An example of defense in depth as applied to a web application might include:

• Protecting the server with a firewall
• Monitoring for intrusion attempts with a port scanning sentry and log watcher
• Keeping all software on the server up to date
• Disallowing root logins
• Allowing SSH logins only (not telnet)
• Rejecting remote connections to the database
• Using filesystem permissions to limit visibility of private data to other users
• Encrypting all HTTP traffic (with SSL) to guard against man-in-the-middle attacks
• Using CAPTCHAs to reduce possibility of automated attacks
• Implementing a user login system
  • Imposing minimum requirements on passphrase quality
  • Storing only passphrase digests in the database rather than actual passphrases
  • Using random salts to generate digests
• Requiring passphrase confirmation for critical actions to protect against cookie capture attacks
• Storage of sensitive information outside the "web root"

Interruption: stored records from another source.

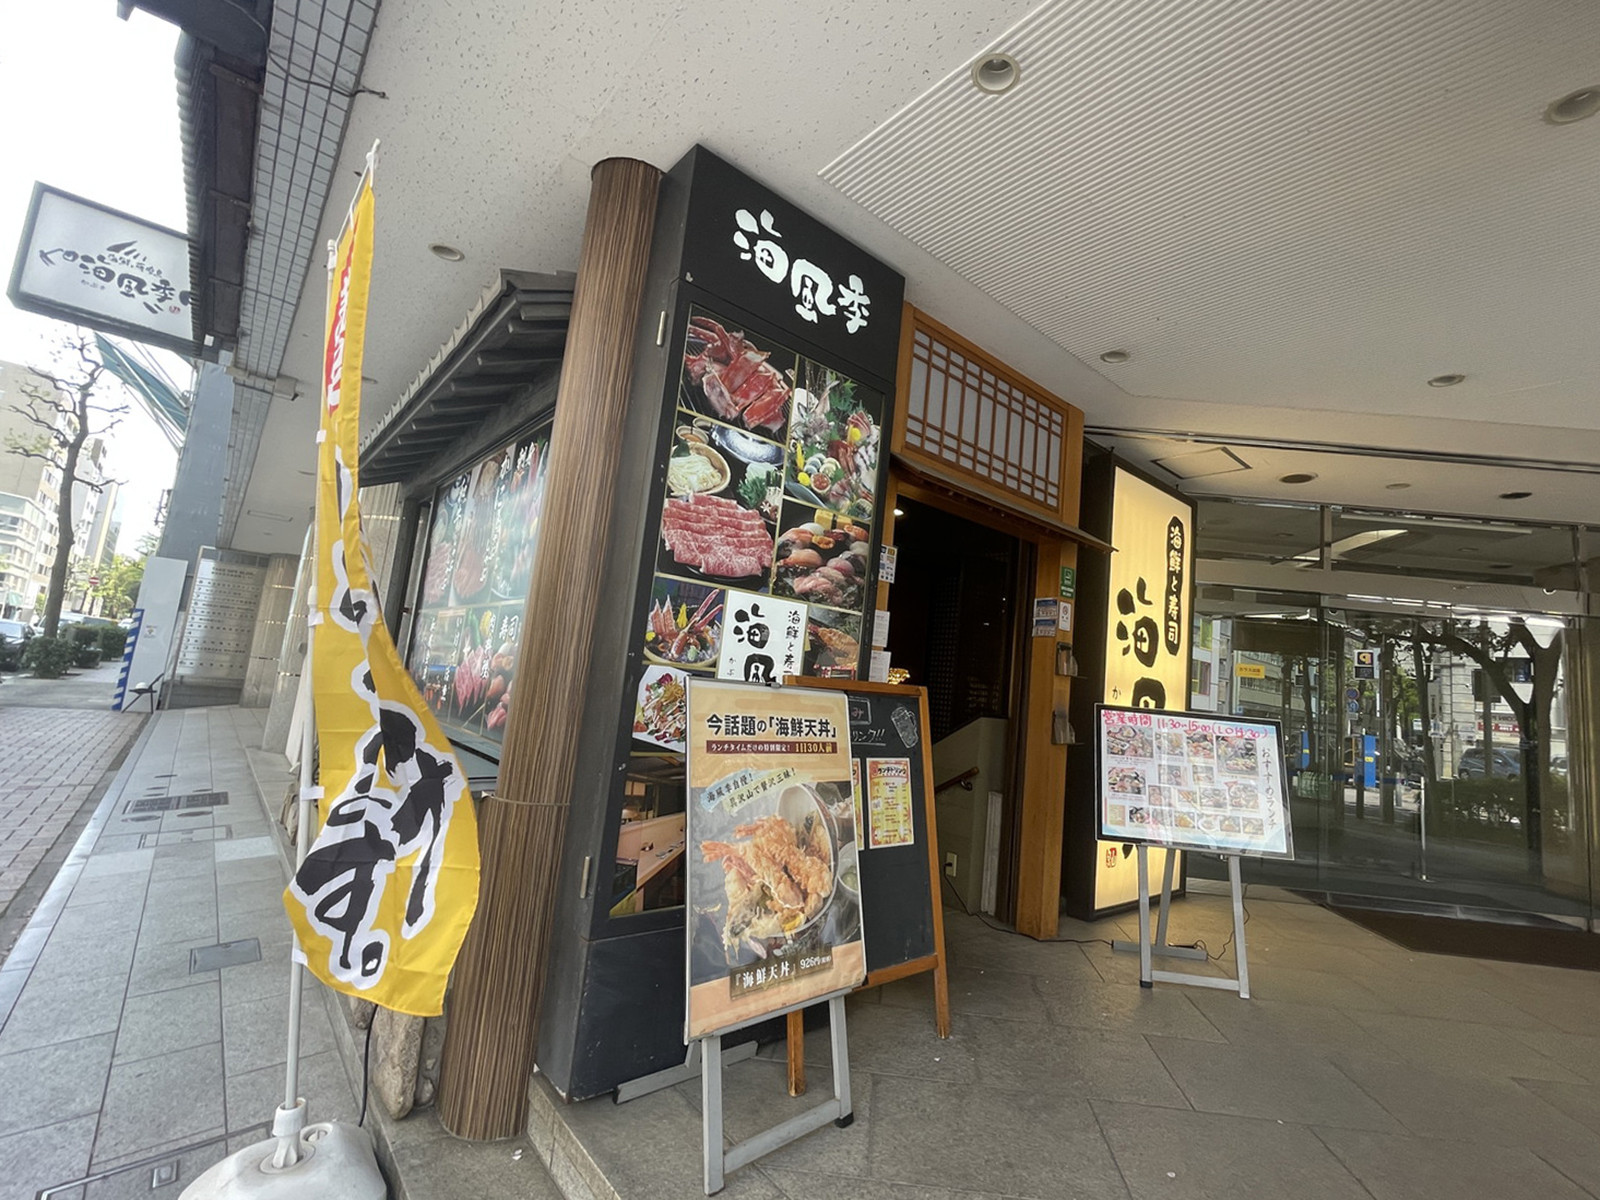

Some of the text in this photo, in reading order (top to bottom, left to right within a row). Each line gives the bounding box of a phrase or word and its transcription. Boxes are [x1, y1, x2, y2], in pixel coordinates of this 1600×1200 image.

[734, 209, 870, 333] 海風季
[1169, 525, 1183, 645] 海鮮と寿司
[782, 610, 801, 675] 海鮮と寿
[707, 714, 837, 738] 今話題の「海鮮天丼」
[1102, 710, 1152, 727] 営業時間
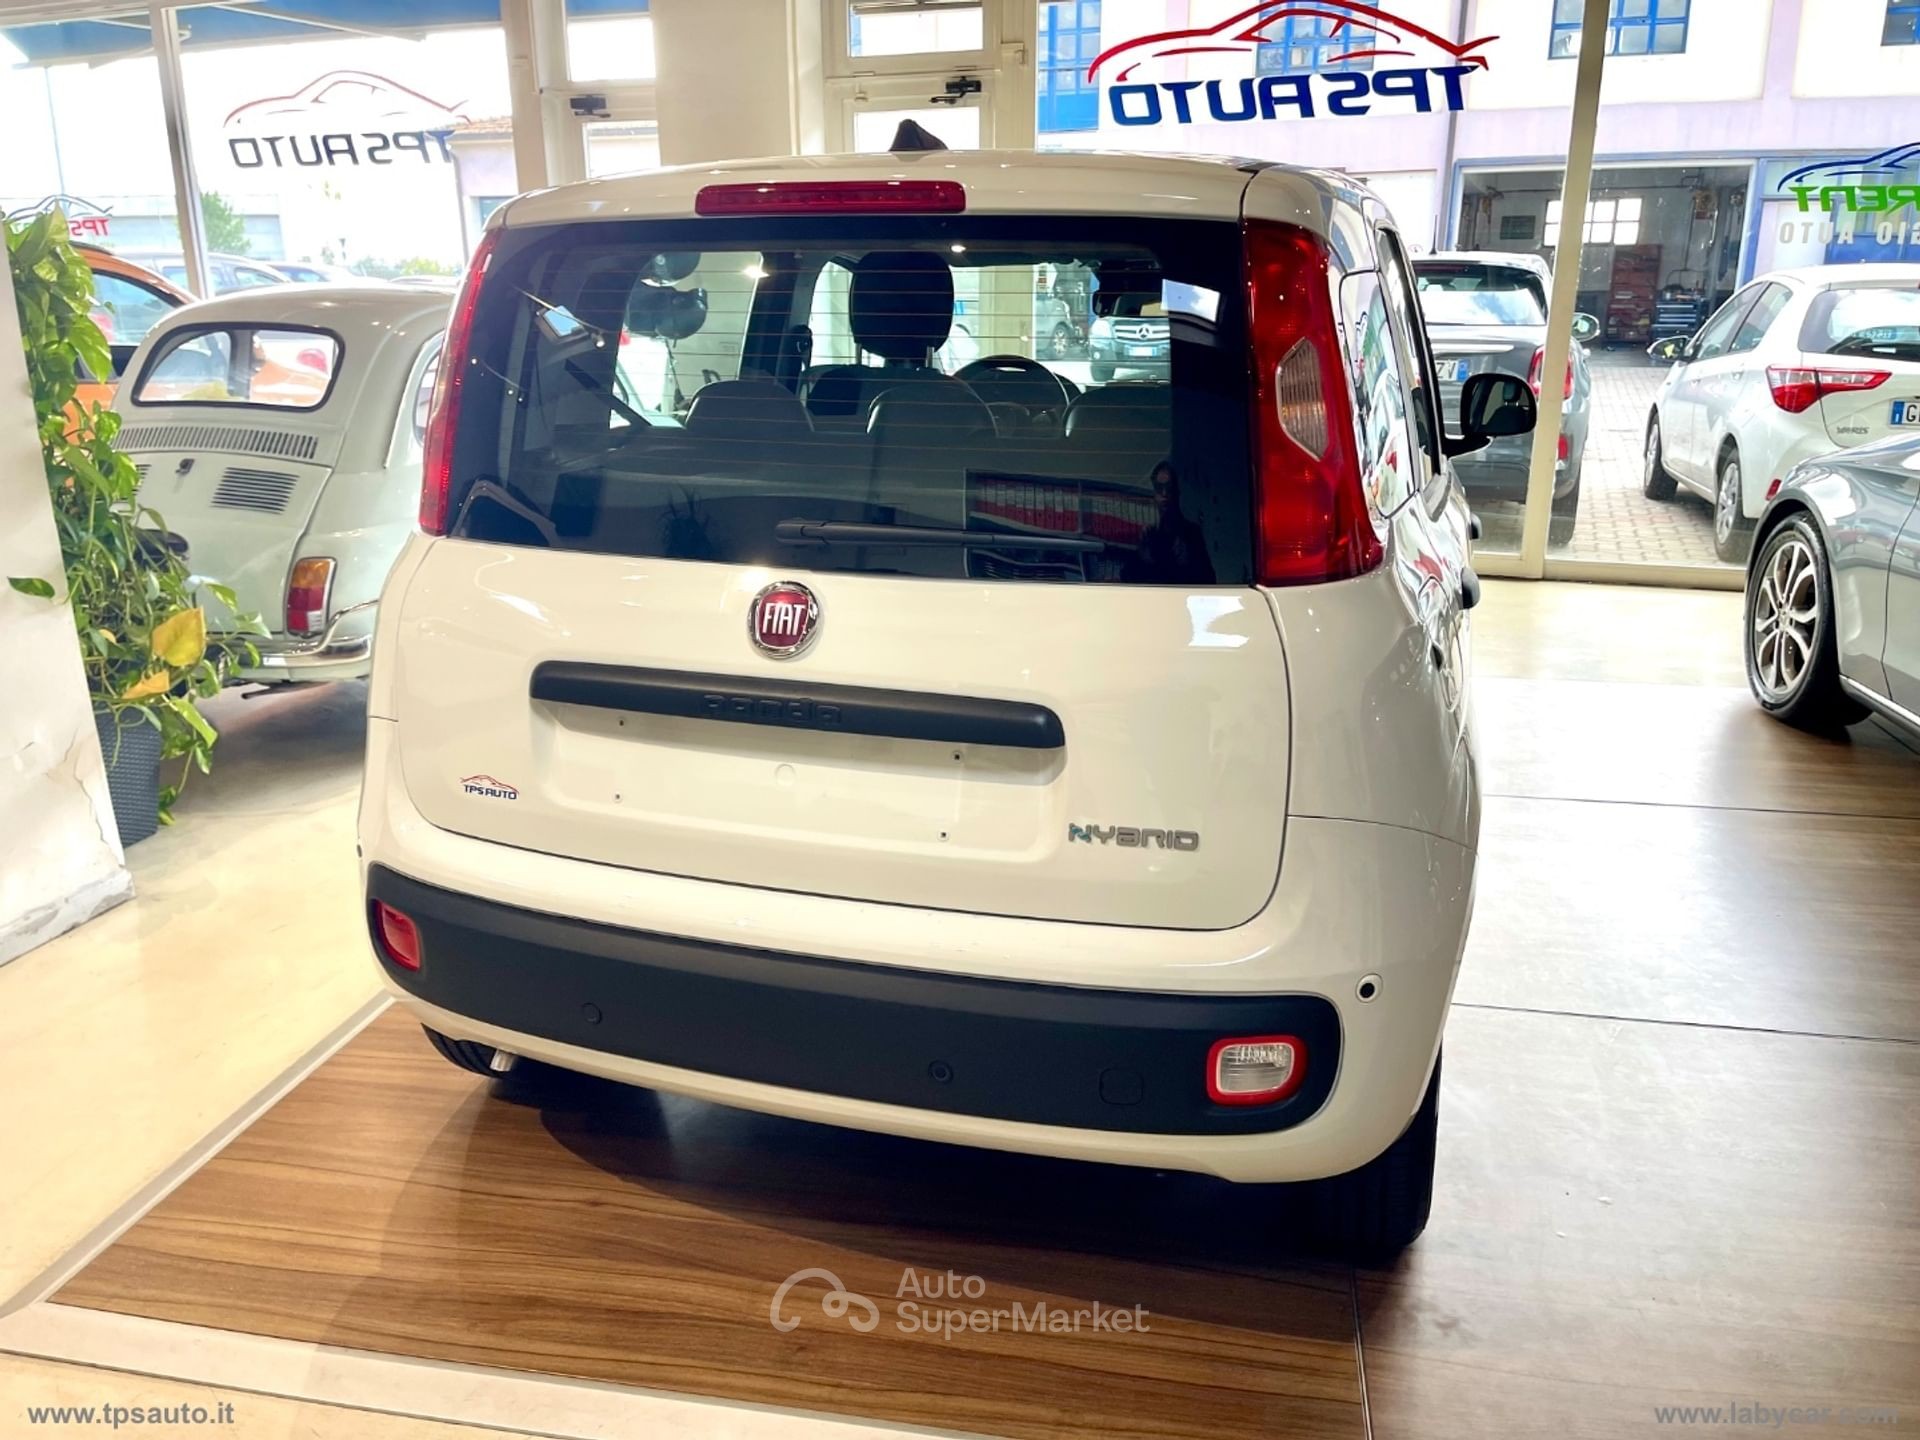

• Filtering of the sensitive information from logs
• Implementing an Access Control List or some other kind of access control within your application at various levels in the Model-View-Controller paradigm
• Limiting privileges of executable code using PHP Safe Mode, Apache’s suEXEC, or similar
• Possible use of security through obscurity

These are just some general possibilities; in the specific case of a given application a defense in depth strategy would look to employ security measures at other points as well.